He shrugged and raised his hands up. “No idea,” he told her. “They was all still in the village square arguin’ when we got there. I listened for awhile, but I eventually figured I’d better git before I said somethin’ I’d regret. So I went home, had the missus fix up a lunch for you, borrowed a wagon, and came out here.”
She thought that over for a few moments before, “Before you said something?”
He snorted, turning his head away and spitting the grass stem out along with a glob of spit. “After all you’ve done for them? For all of us?” he demanded. “I don’t think I could name a single soul in Tumblebrook you ain’t helped one time or another if I worked at it for the rest of the day!
“Them’s the times you wanna keep quiet,” he added. “Not start things won’t go away once everybody’s calmed down.
“Listen, Lady Chi,” he leaned forward earnestly. “They’s surprised and scared. They don’t know what to expect, ner what they’re dealin’ with, and they ain’t actin’ themselves. I’m askin’ ya, please don’t give up on us.”
Give up on them? Was she hearing right? “You... you think they’ll still want me around knowing I’m a monster?”
“Monster?” he reared his head back. “Didn’t you just tell me where you’re from you’re just regular folks?”
“There,” she said. “I’m not there.”
“Just give us a chance,” he pleaded.
“Who was it who was talking about persistence just a few hours ago?” she chided.
“Well, I never said it was a bad trait, now did I?” he shot back with a wide grin.
Chi was still in her adventurer form when they rounded a bend and the village walls came into view. She tensed.
If Able Norley noticed, he didn’t comment. He drove the wagon right up short of the north gate and stopped in the middle of the road. Then he gave the traces a couple of winds around the brake handle and stood up. “Oi!” he called in a loud voice. “Mayor! We’re back!”
Chi flinched as what could almost be called a rumble came from the village wall as seemingly the entire population raced up the stairways to the parapet. Within minutes, the wall was lined with villagers, mostly male, entirely adult.
Chi’s heart fell at the realization that they’d kept the children away.
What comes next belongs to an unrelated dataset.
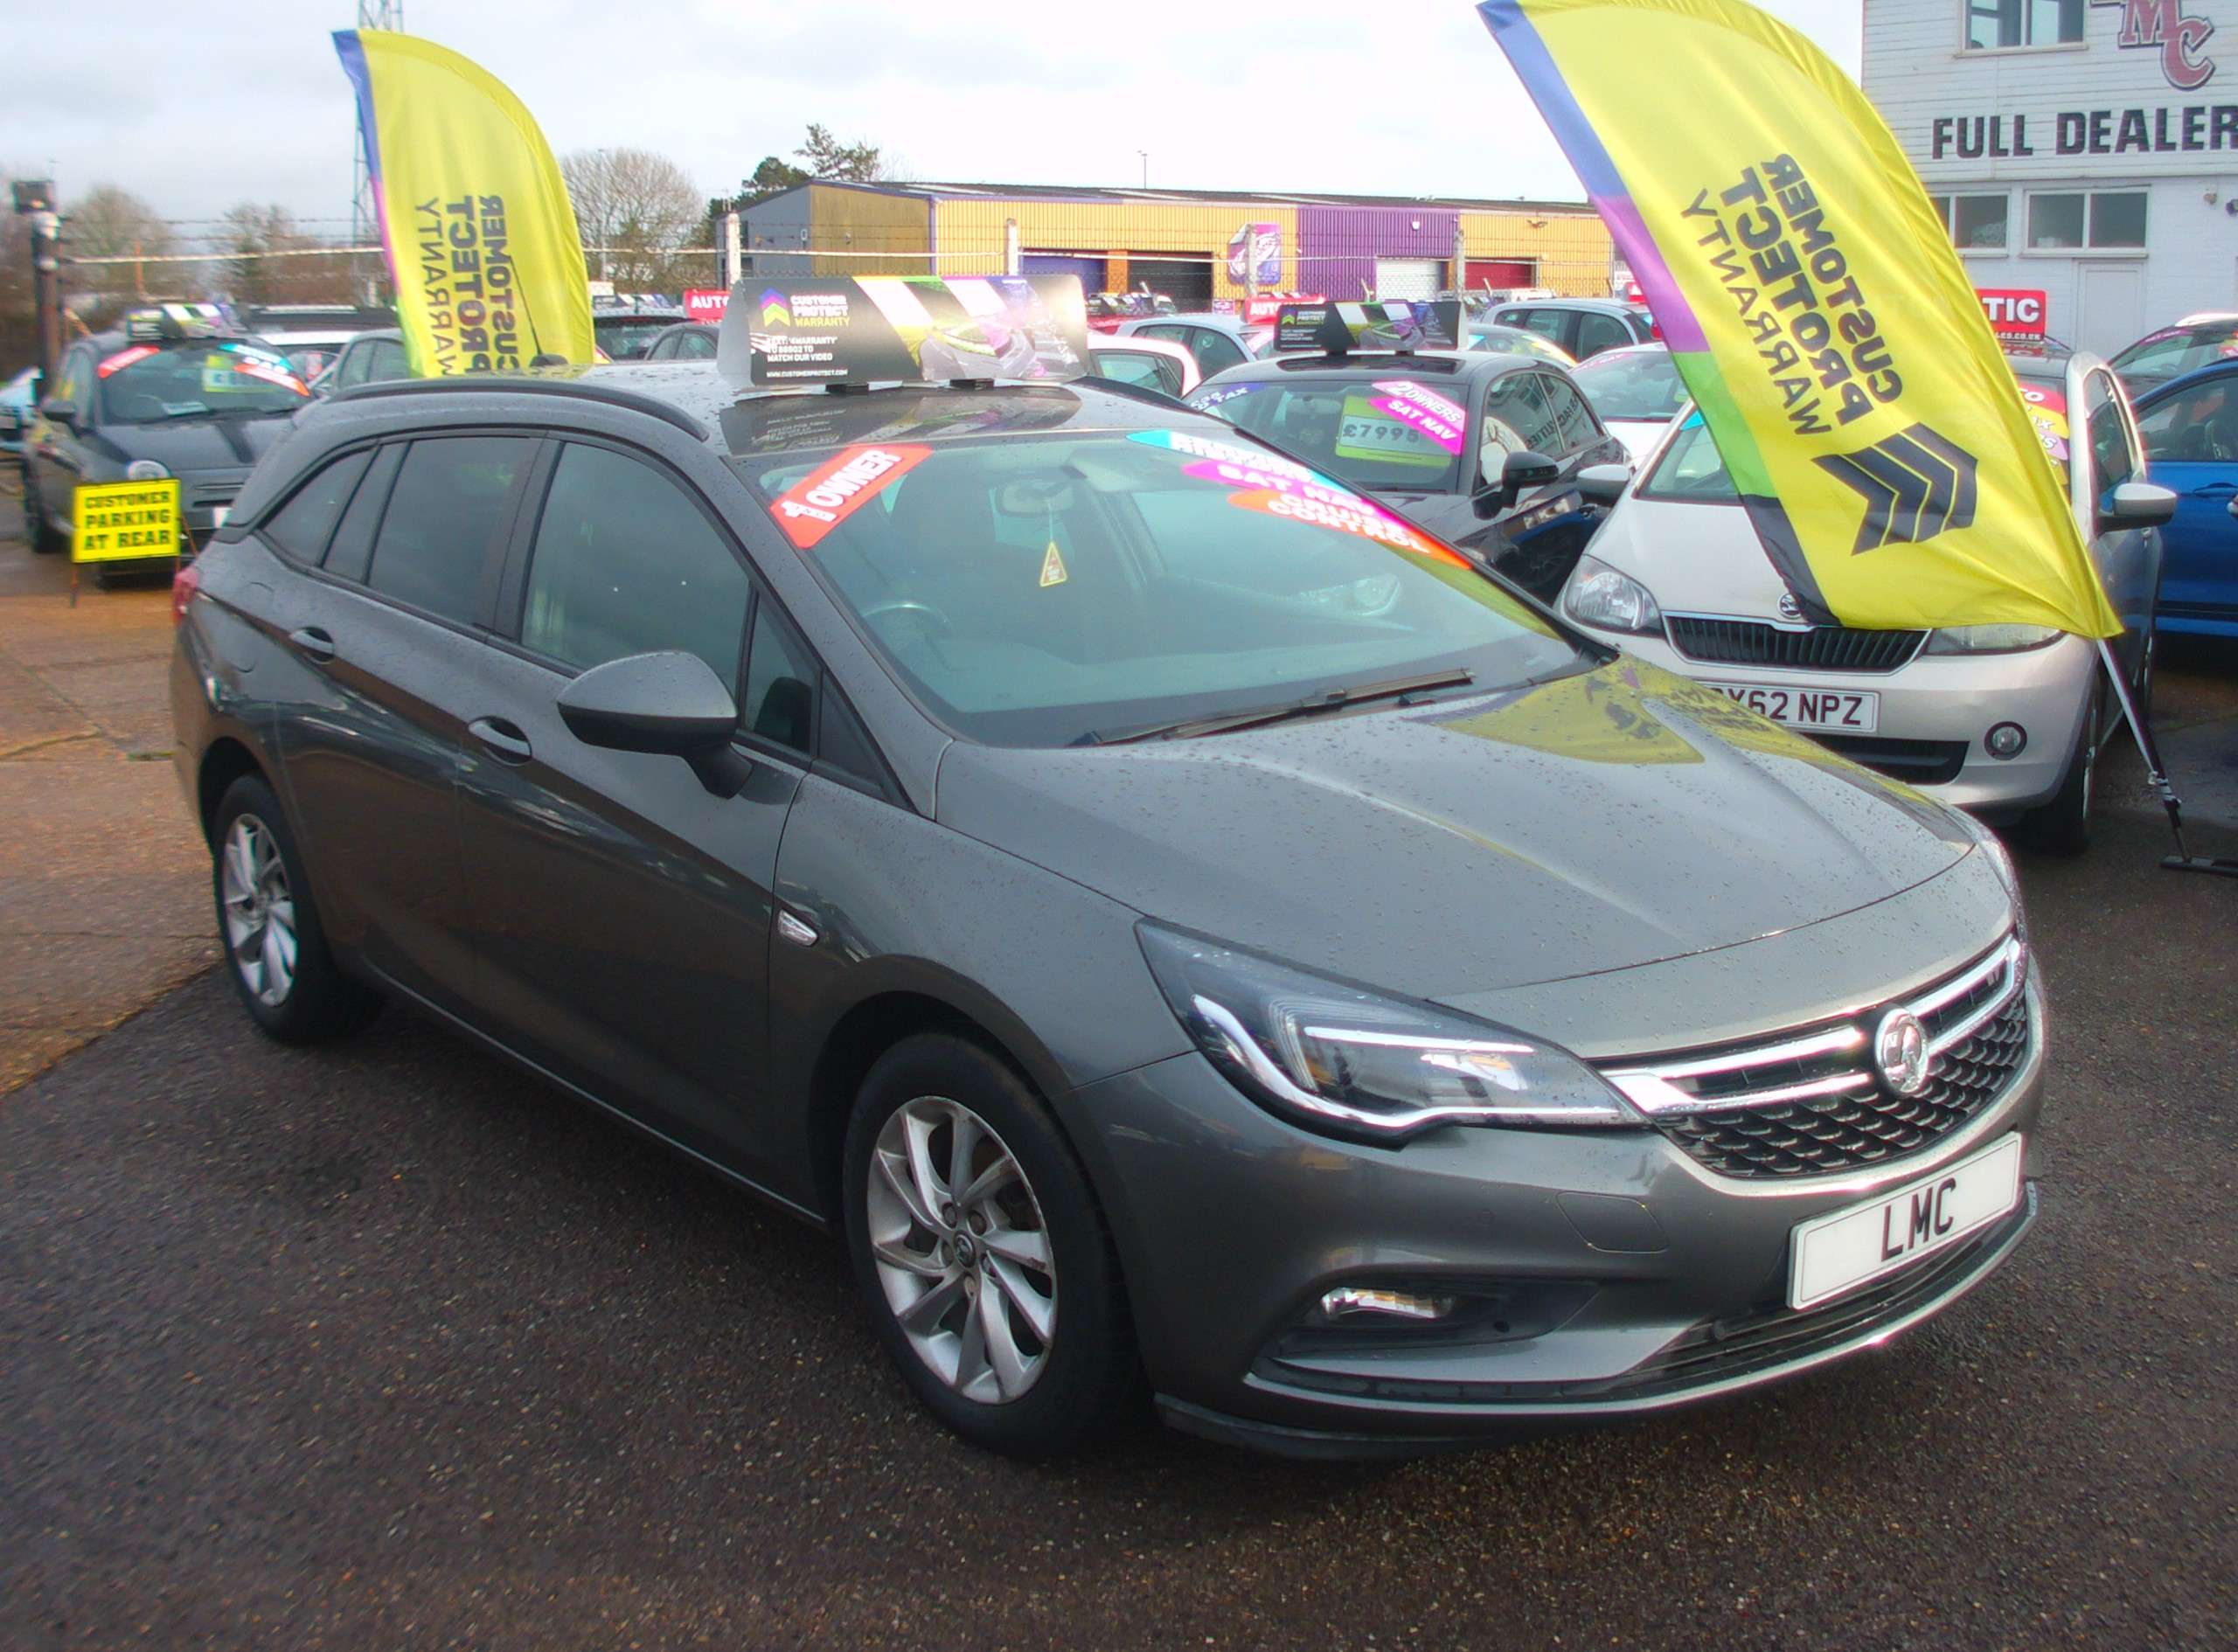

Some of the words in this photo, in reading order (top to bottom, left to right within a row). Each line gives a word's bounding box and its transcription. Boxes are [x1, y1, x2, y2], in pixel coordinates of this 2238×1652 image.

She couldn’t really blame them, she supposed, but it still hurt.
Centermost among them, and directly above the closed gate, stood the mayor, his face equal parts anger and sorrow. She could imagine how he felt. He’d been the one who’d originally allowed her in.
“Show yourself, Lady Chi,” he called down, his voice harsh. It would have sounded odd in other circumstances given she was in plain sight, but she took his meaning.
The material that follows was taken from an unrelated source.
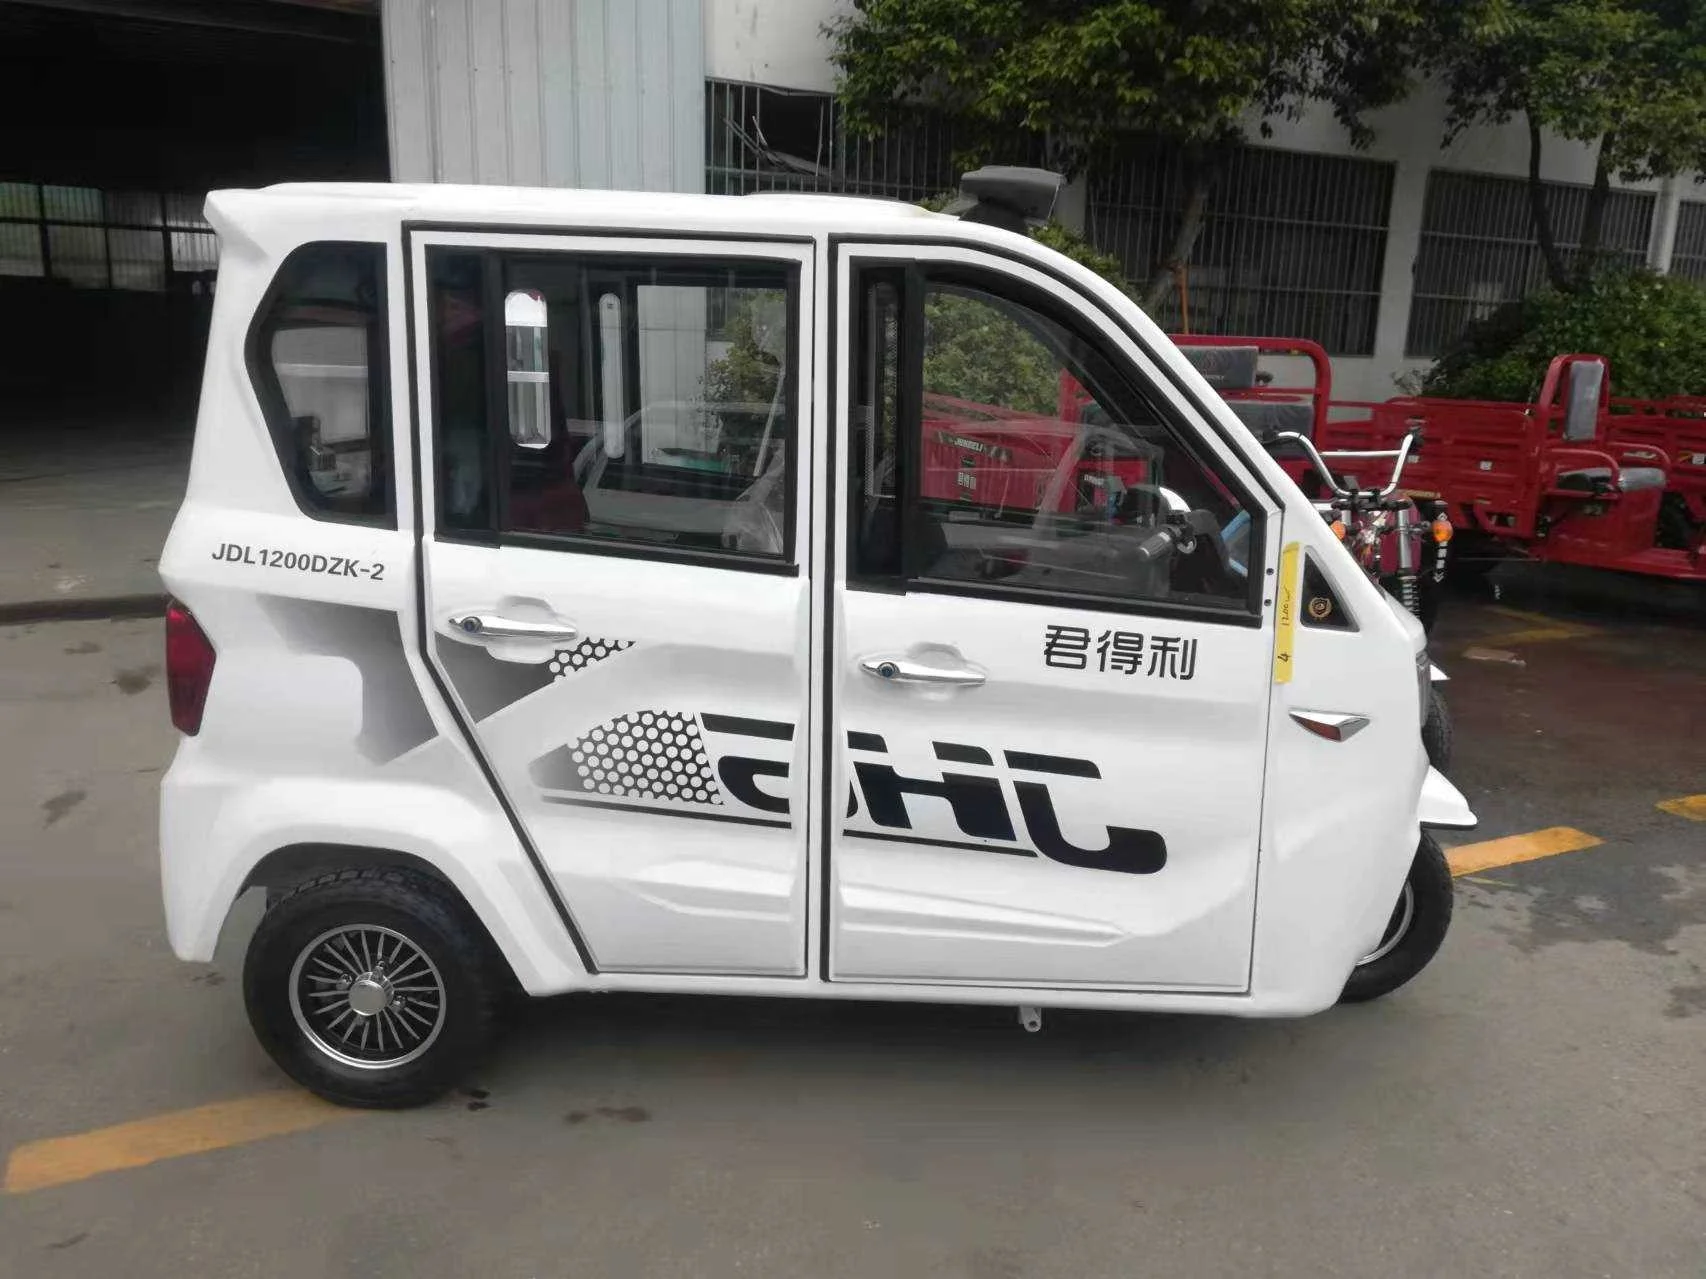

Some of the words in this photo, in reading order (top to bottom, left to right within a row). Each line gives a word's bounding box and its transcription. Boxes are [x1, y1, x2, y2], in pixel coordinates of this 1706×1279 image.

[212, 543, 385, 580] JDL1200DZK-2
[1044, 625, 1198, 680] 君得利
[1277, 651, 1292, 663] 4
“I can’t,” she called back. “I can’t change over while I’m in this coat, and I’m naked underneath.”
Norley suppressed a chuckle, but the mayor didn’t seem at all amused.
Chi climbed down from the wagon and turned to face the gate. “You’d better go on, Able,” she said out the side of her mouth.
“Nope,” he said casually. “I don’t believe I will.”
She turned to give him a halfhearted glare, but he wasn’t having it. “And no point in shooing me, neither,” he told her. “Not gonna do it. Not gonna make you stand against this nonsense on your own.”
Fine! “Very well", she called up to the angry mayor. “Just give me a minute.”
Turning her back on the wall, she unbuttoned the coat and winkled her arms out of the sleeves before turning back while holding the coat as steady as she could. Once she’d gotten mostly turned around, she slid her arms into their opposing sleeves. Now she stood straight with the coat on backwards, her naked behind in the breeze.
“You’re sure?” she asked resignedly.
Looking to left and right, the mayor turned back to her and nodded.
Sighing deeply, Chi lowered her head and allowed the guise to fall. Her horns grew out, her skin and hair reddened, her tail slid forth, and her wings sprouted and unfurled. When she looked back up, it was through orange-red lava eyes.
There came a collective gasp from the wall, as everyone there beheld their savior for the first time in her true form. Murmurs grew into a near din as each of them began to whisper to their neighbors, their individual voices indistinct. It was difficult to ascertain any individual opinions, whether friendly or hostile.
Chi’s imagination filled in the details unsolicited, and not to her benefit.
Beside her, Able Norley was growing angry. She hoped he wouldn’t say anything. In some places, her kind were said to be able to bewitch humans, and she wouldn’t want him to have to go through those sorts of accusations.
Atop the wall, Marbry Longhan gazed down at the creature he’d been calling Lady Chi for the past six months. Samus’ description had fallen somewhat short. One thing hit him, though. Square in the chest. The creature he was looking at now was powerful in a sort of way he didn’t really understand. He could feel it, though his gift was fairly weak. It pulsed out from her in waves.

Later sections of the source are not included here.